Skip the images. Copy the records exactly as written.

*** Data supplied

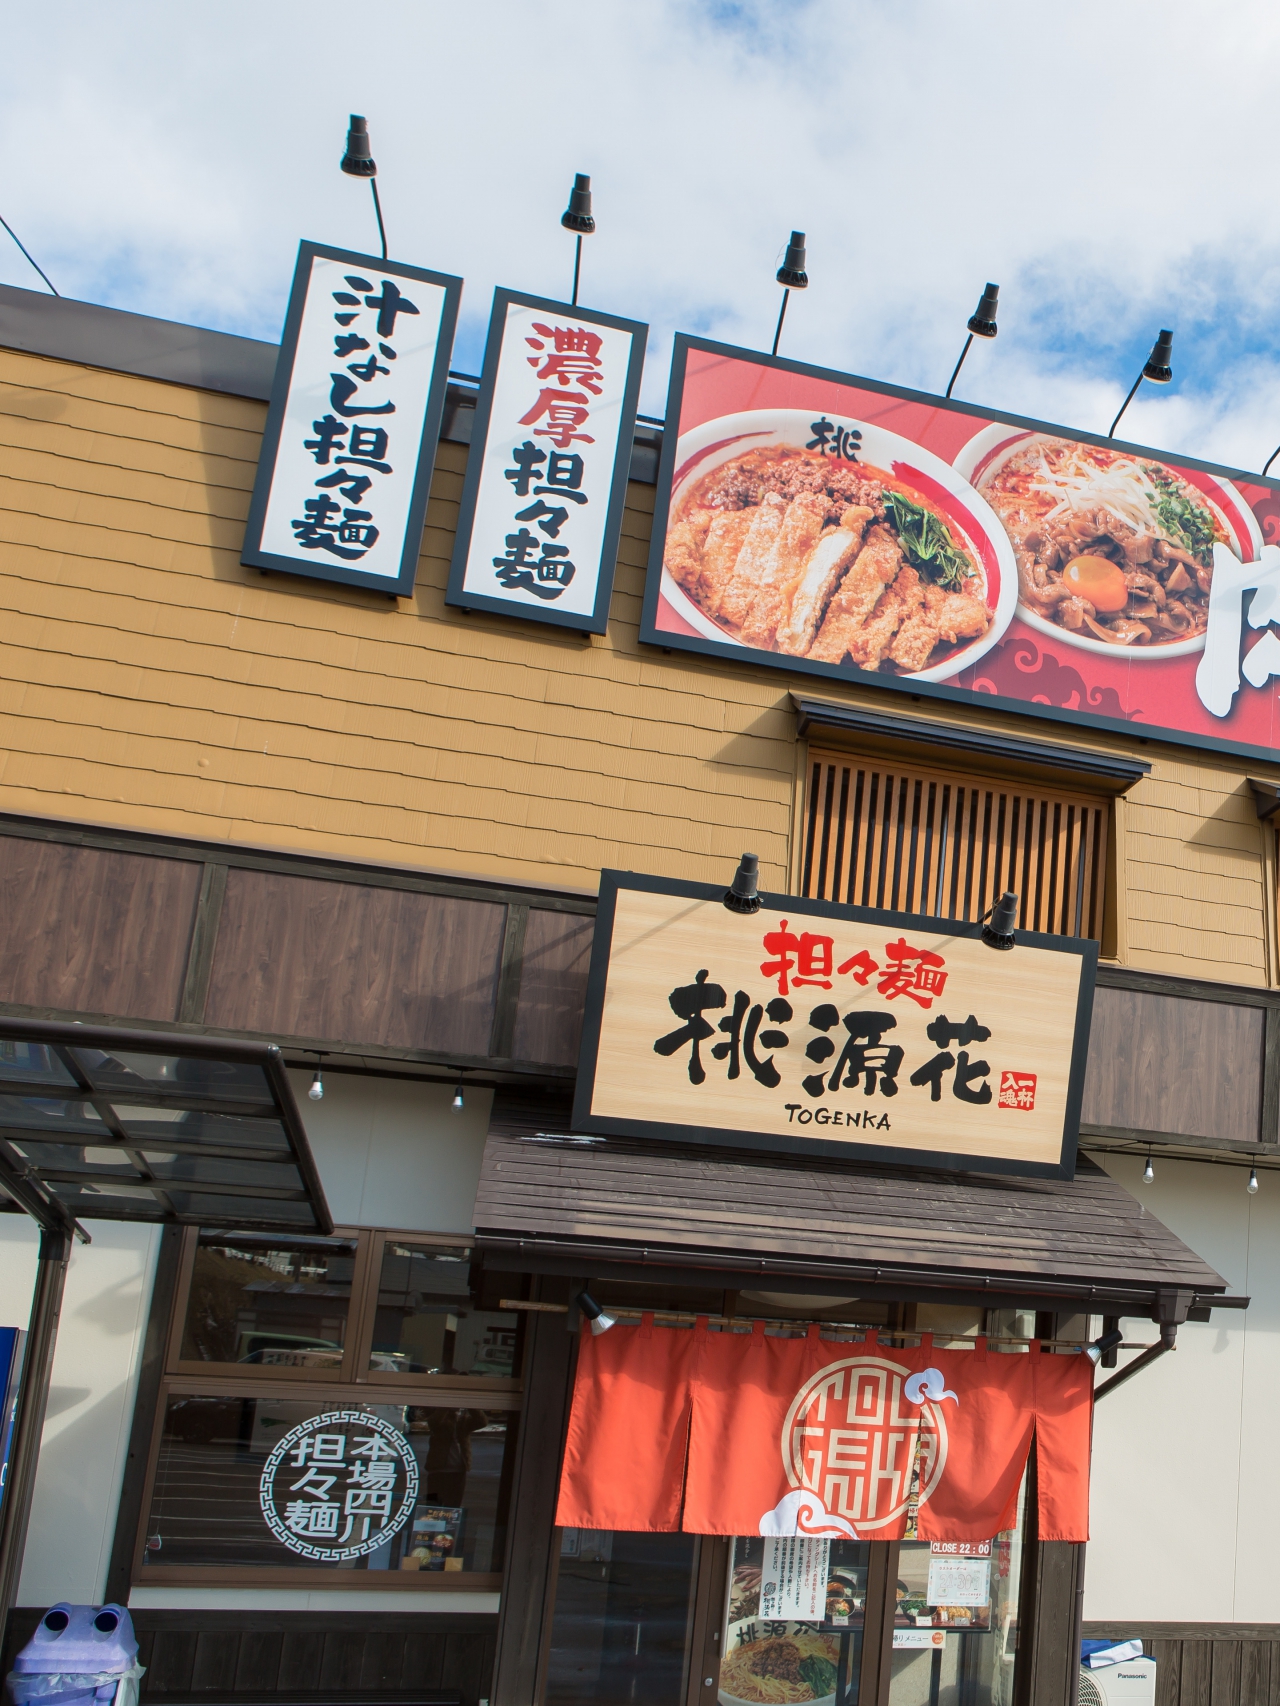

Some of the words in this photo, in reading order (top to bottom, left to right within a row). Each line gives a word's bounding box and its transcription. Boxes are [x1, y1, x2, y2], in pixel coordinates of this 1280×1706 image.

[291, 275, 419, 560] 汁なし担々麺
[493, 322, 604, 599] 濃厚担々麺
[805, 416, 862, 462] 桃
[760, 919, 949, 1009] 担々麺
[653, 968, 993, 1106] 桃源花
[784, 1103, 892, 1132] TOGENKA
[283, 1433, 343, 1539] 担々麺
[344, 1432, 398, 1543] 本場四川
[932, 1542, 957, 1553] CLOSE

******

**Answer area:**
Some of the words in this photo, in reading order (top to bottom, left to right within a row). Each line gives a word's bounding box and its transcription. Boxes are [x1, y1, x2, y2], in pixel coordinates of this 1280×1706 image.

[291, 275, 419, 560] 汁なし担々麺
[493, 322, 604, 599] 濃厚担々麺
[805, 416, 862, 462] 桃
[760, 919, 949, 1009] 担々麺
[653, 968, 993, 1106] 桃源花
[784, 1103, 892, 1132] TOGENKA
[283, 1433, 343, 1539] 担々麺
[344, 1432, 398, 1543] 本場四川
[932, 1542, 957, 1553] CLOSE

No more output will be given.